▶ **What the task asks**:
Your answer should consist only of the records, copied exactly, with the images removed.

▶ **Raw data**:
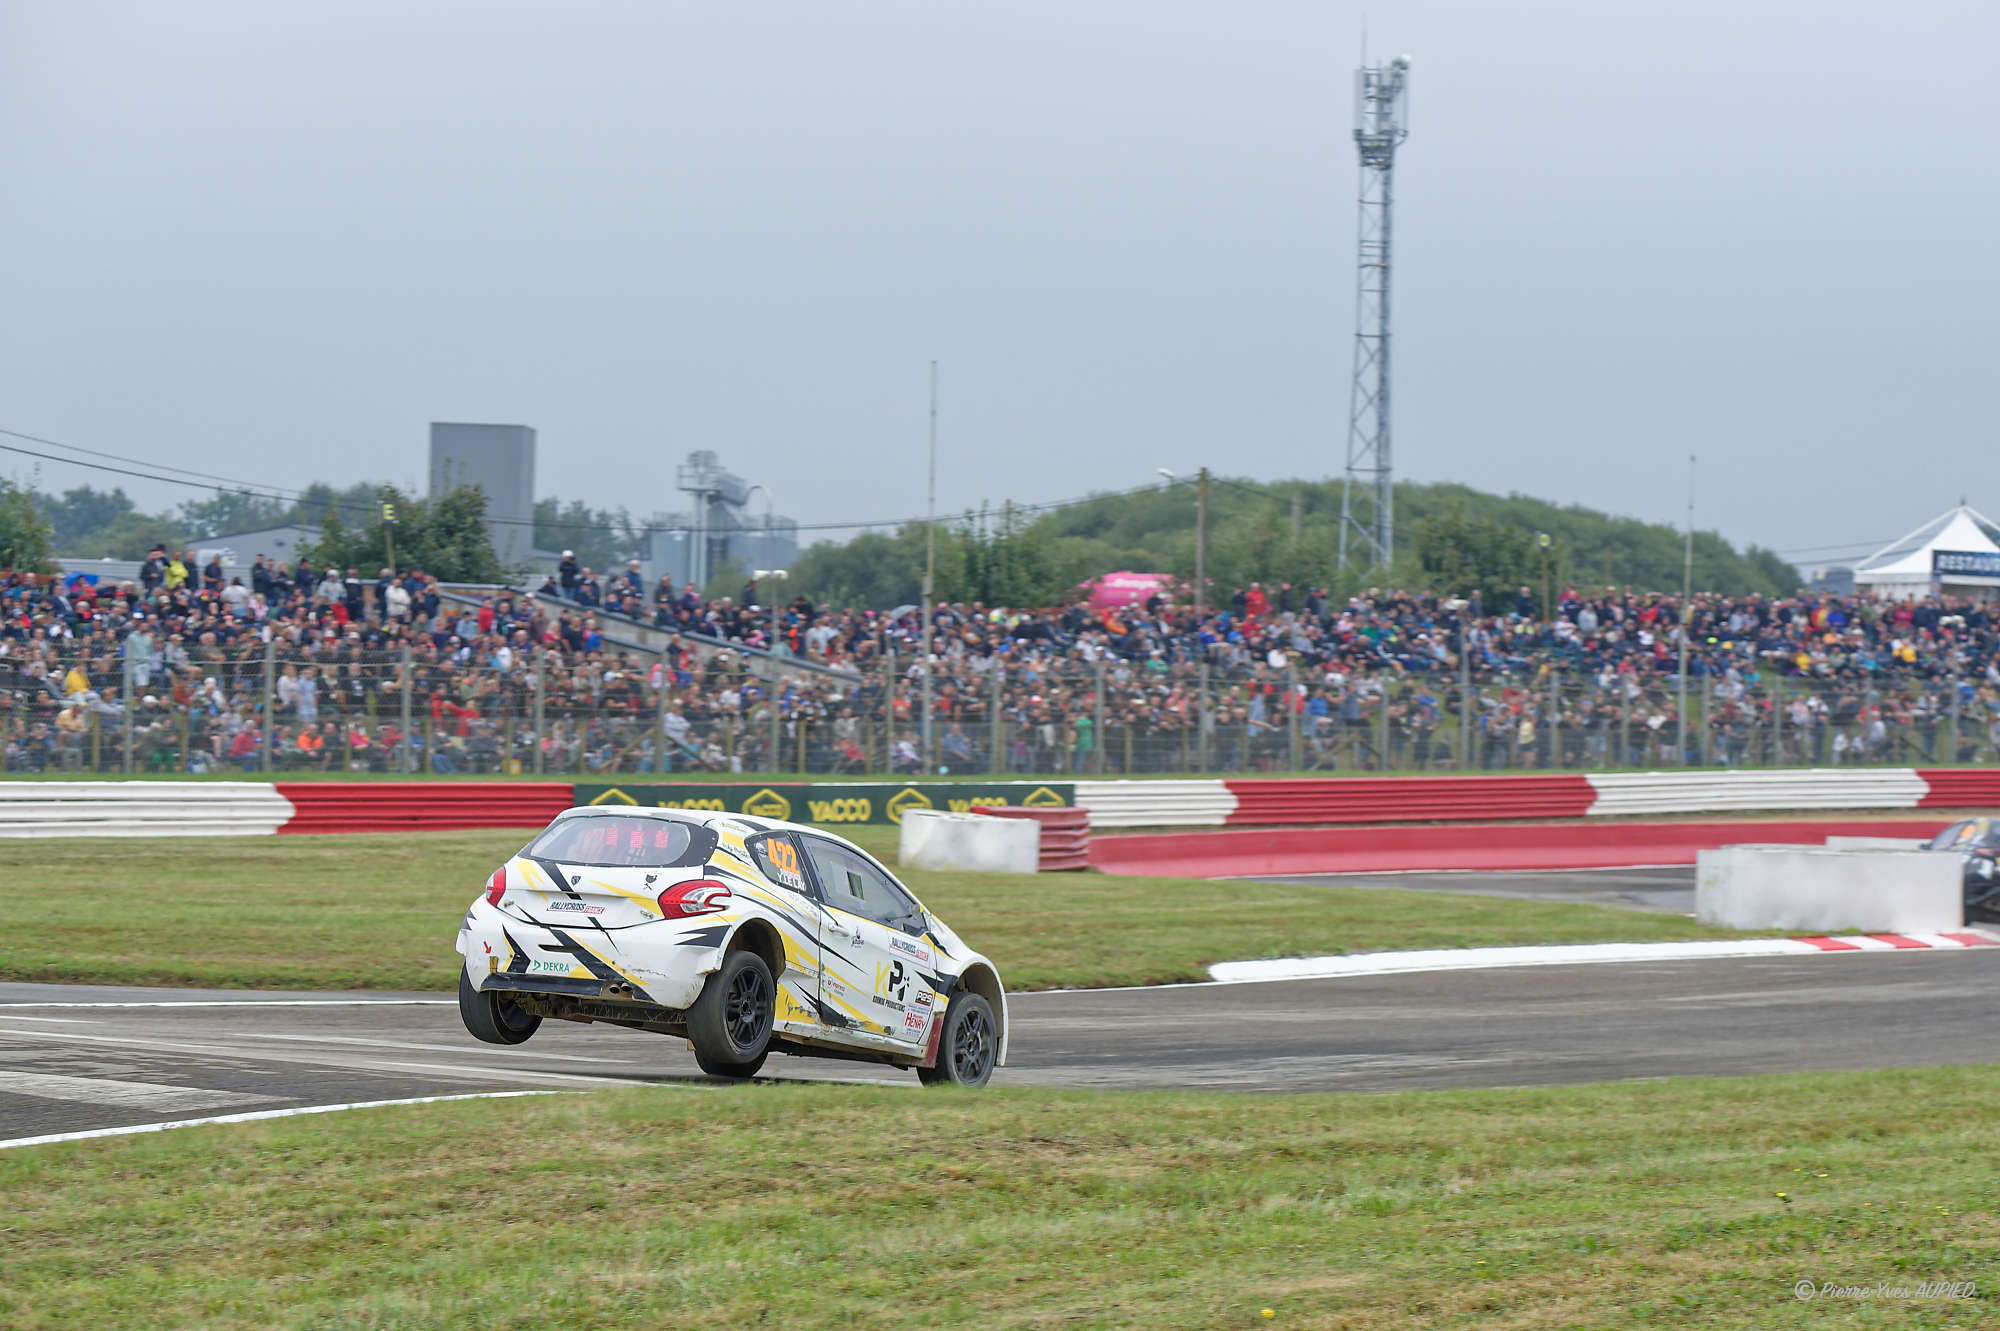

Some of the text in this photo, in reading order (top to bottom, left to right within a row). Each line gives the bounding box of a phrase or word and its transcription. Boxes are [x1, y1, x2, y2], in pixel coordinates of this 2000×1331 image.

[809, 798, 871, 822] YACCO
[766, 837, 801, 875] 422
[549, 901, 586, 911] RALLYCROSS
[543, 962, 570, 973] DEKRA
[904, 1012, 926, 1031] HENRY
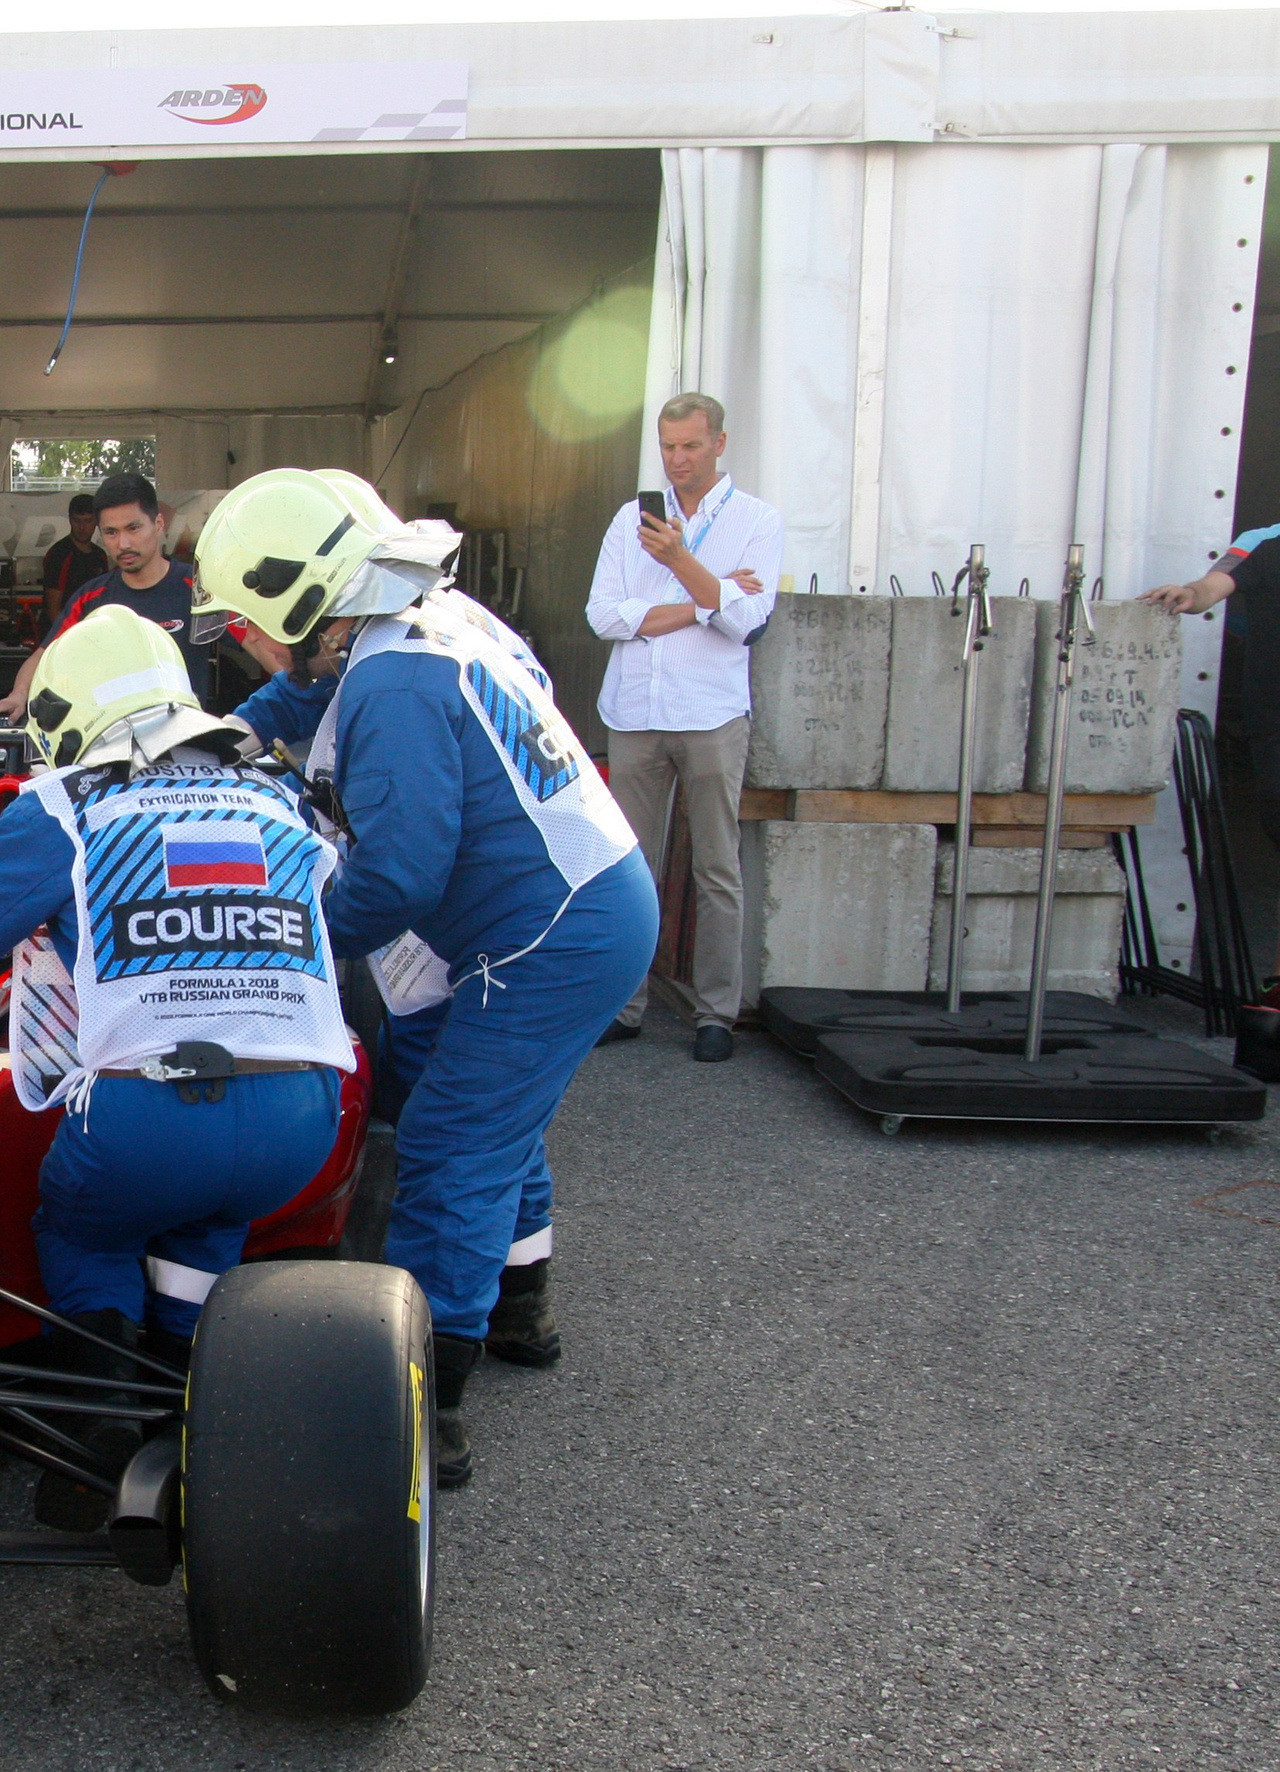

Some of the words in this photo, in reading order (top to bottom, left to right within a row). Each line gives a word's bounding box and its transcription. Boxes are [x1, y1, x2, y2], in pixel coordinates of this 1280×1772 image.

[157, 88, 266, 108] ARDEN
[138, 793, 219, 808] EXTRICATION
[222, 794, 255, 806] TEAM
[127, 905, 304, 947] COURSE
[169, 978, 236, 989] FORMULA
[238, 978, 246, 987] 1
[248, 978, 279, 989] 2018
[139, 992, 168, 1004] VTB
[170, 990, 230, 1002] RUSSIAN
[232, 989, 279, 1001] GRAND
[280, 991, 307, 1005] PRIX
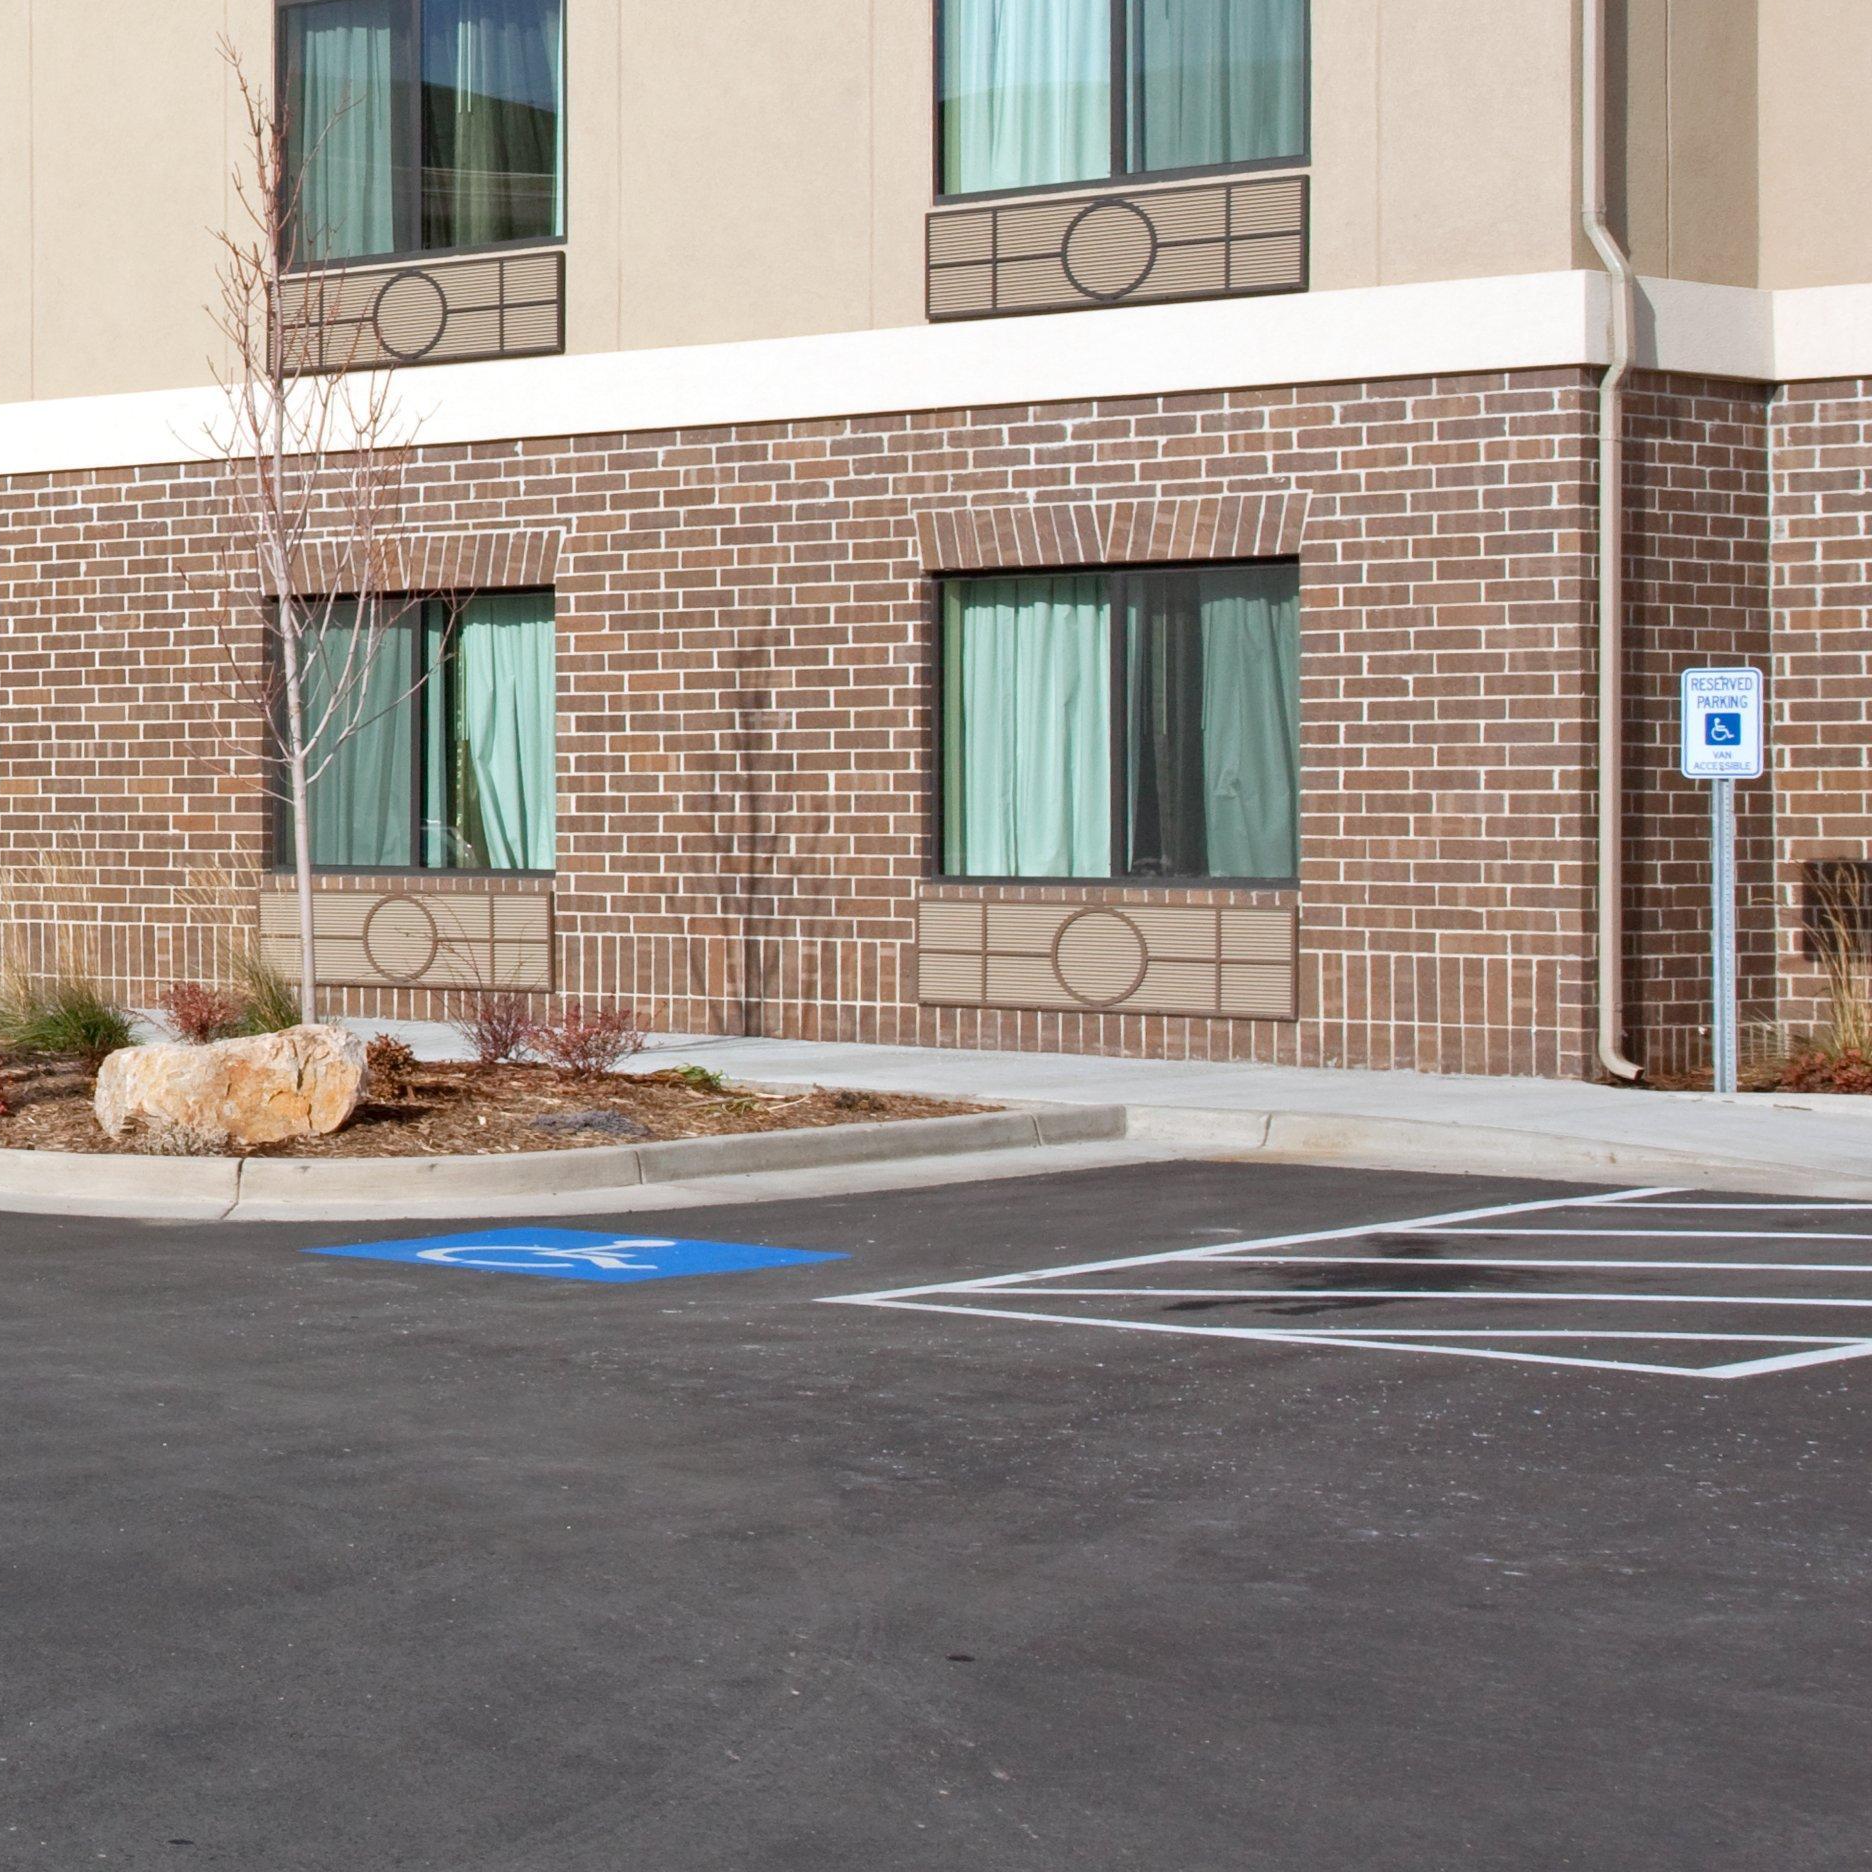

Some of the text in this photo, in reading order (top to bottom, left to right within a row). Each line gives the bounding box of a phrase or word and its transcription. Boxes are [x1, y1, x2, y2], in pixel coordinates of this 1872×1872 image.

▶ **Task response**:
Some of the text in this photo, in reading order (top to bottom, left to right within a row). Each line gives the bounding box of a phrase or word and its transcription. Boxes are [x1, y1, x2, y2], in pixel coordinates of this 2000×1331 image.

[809, 798, 871, 822] YACCO
[766, 837, 801, 875] 422
[549, 901, 586, 911] RALLYCROSS
[543, 962, 570, 973] DEKRA
[904, 1012, 926, 1031] HENRY

Some of the words in this photo, in reading order (top to bottom, left to right within a row). Each line gives a word's bounding box and its transcription. Boxes are [x1, y1, x2, y2], in pixel coordinates of this 1280×1772 image.

[157, 88, 266, 108] ARDEN
[138, 793, 219, 808] EXTRICATION
[222, 794, 255, 806] TEAM
[127, 905, 304, 947] COURSE
[169, 978, 236, 989] FORMULA
[238, 978, 246, 987] 1
[248, 978, 279, 989] 2018
[139, 992, 168, 1004] VTB
[170, 990, 230, 1002] RUSSIAN
[232, 989, 279, 1001] GRAND
[280, 991, 307, 1005] PRIX

Some of the text in this photo, in reading order (top to bottom, left to right within a row). Each line gives the bounding box of a phrase or word and its transcription. Boxes are [x1, y1, x2, y2], in pixel coordinates of this 1872×1872 image.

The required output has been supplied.